VOICE: "We cannot do everything everywhere," he said. The president, who .dramatically apologized for his failure not to do more to prevent the genocide in Rwanda, now says, "We must approach this challenge with some considerable degree of humility. It is easy to say, never again, but much harder to make it so. Promising too much can be as cruel as caring too little." . his acknowledgement of the difficulties and complications is more attractive than his earlier glib assurances. [to always try to stop the killing of innocent civilians.]
TEXT: This week, the U-S Justice Department announced it is suing the nation's major tobacco companies to re-coup an estimated 20-billion dollars spent by the Federal Government each year to treat smoking-related illnesses. The New York Times supports the suit.
VOICE: The industry has long understood . that smoking can cause disease and death and that nicotine is addictive. Yet it carried out a relentless national campaign of falsehoods designed to cast doubt on those very questions. .. . Congress should give the Justice Department the 20-million it has requested in the fiscal year 2-thousand budget to pursue this case..
TEXT: North Carolina remains flooded and caught in a health crisis in the aftermath of hurricane Floyd. The Trenton [New Jersey] Times considers how to prepare for future hurricanes.
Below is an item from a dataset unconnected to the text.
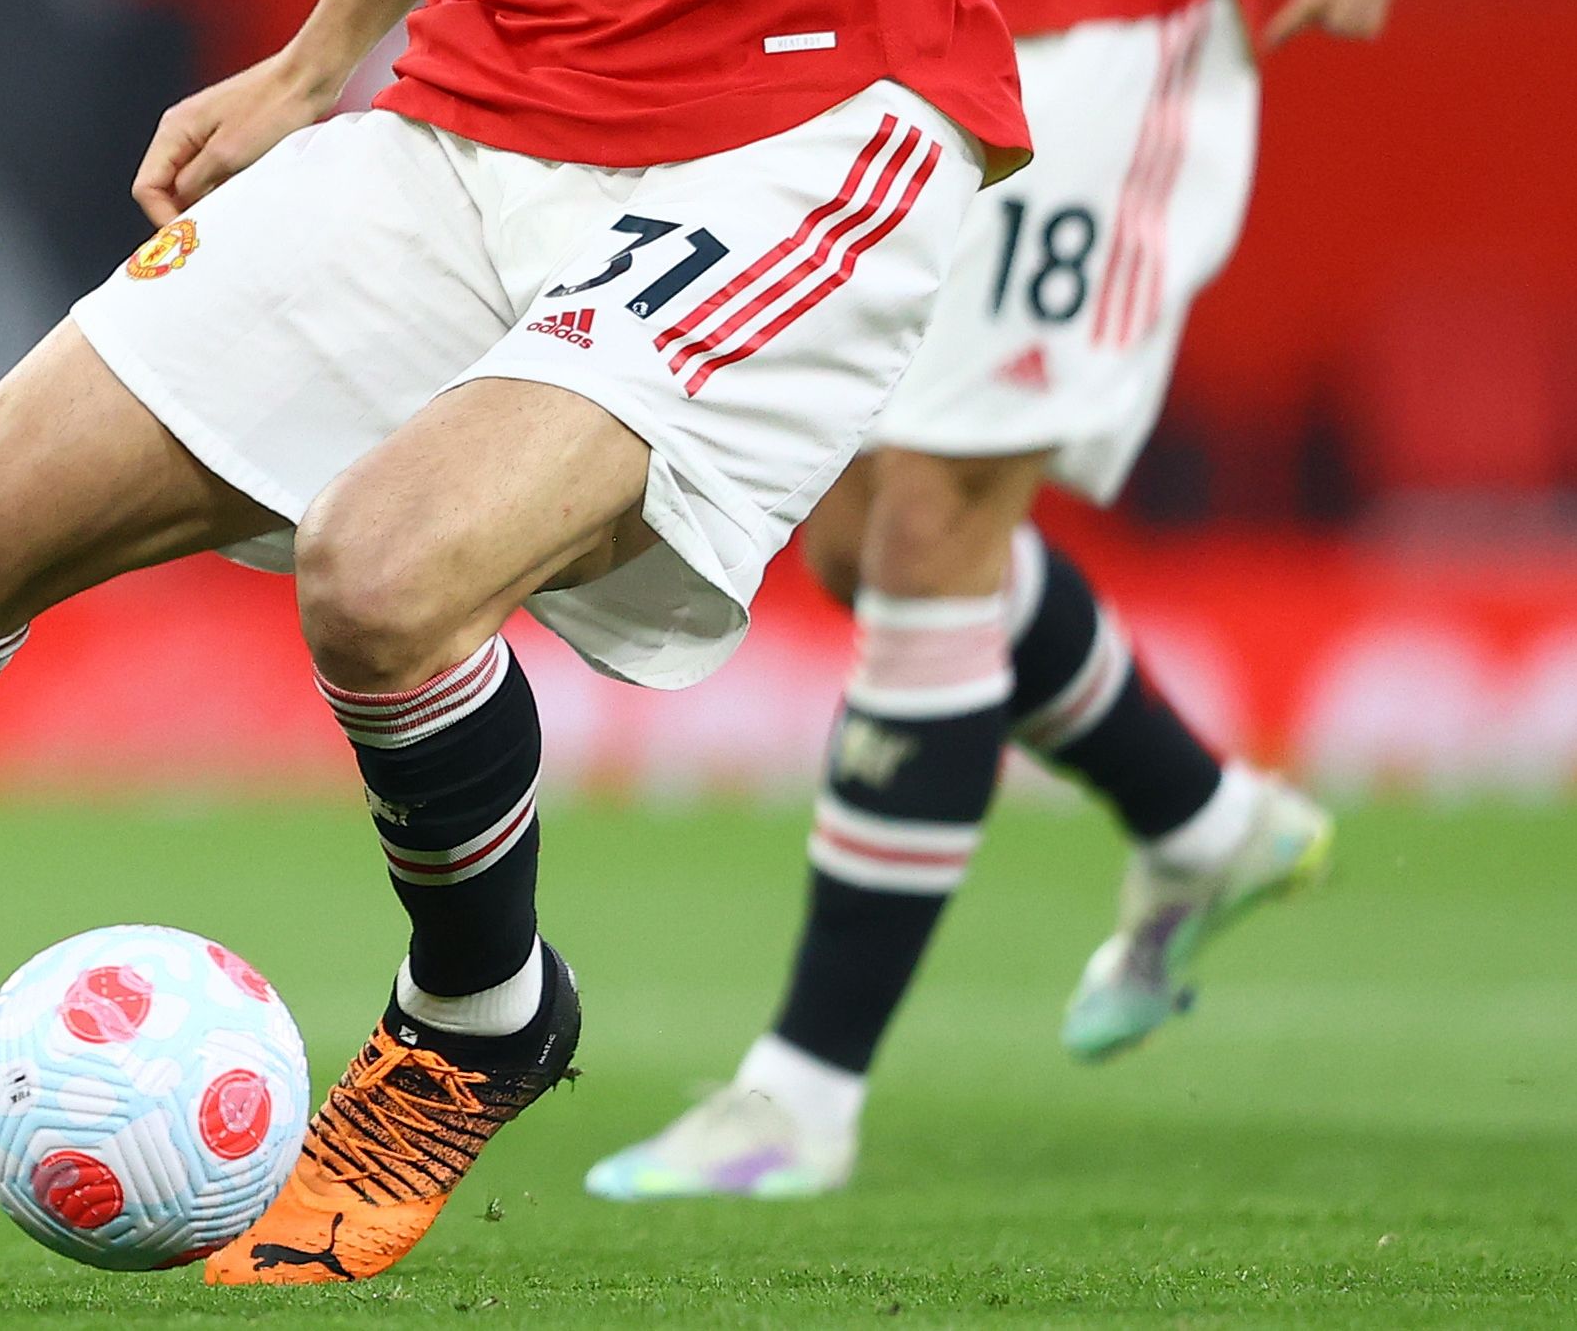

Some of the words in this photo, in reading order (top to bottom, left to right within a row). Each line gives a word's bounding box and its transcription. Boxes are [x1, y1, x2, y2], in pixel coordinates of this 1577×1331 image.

[544, 213, 731, 320] 31
[991, 198, 1096, 323] 18
[526, 322, 594, 350] adidas
VOICE: When almost a third of a meter or more of rainfalls, there is going to be flooding, even in areas . free of development. But combine the kind of torrential rain that Tropical Storm Floyd brought . with the results of rapid and random building activity and you get what New Jersey got; rampaging rivers and streams that killed five people, routed thousands from their homes .. And left eight counties as officially-designated federal disaster areas. When land is developed and paved over, it no longer is available to soak up precipitation, and the water has nowhere to go but upward and outward, over highways and into buildings.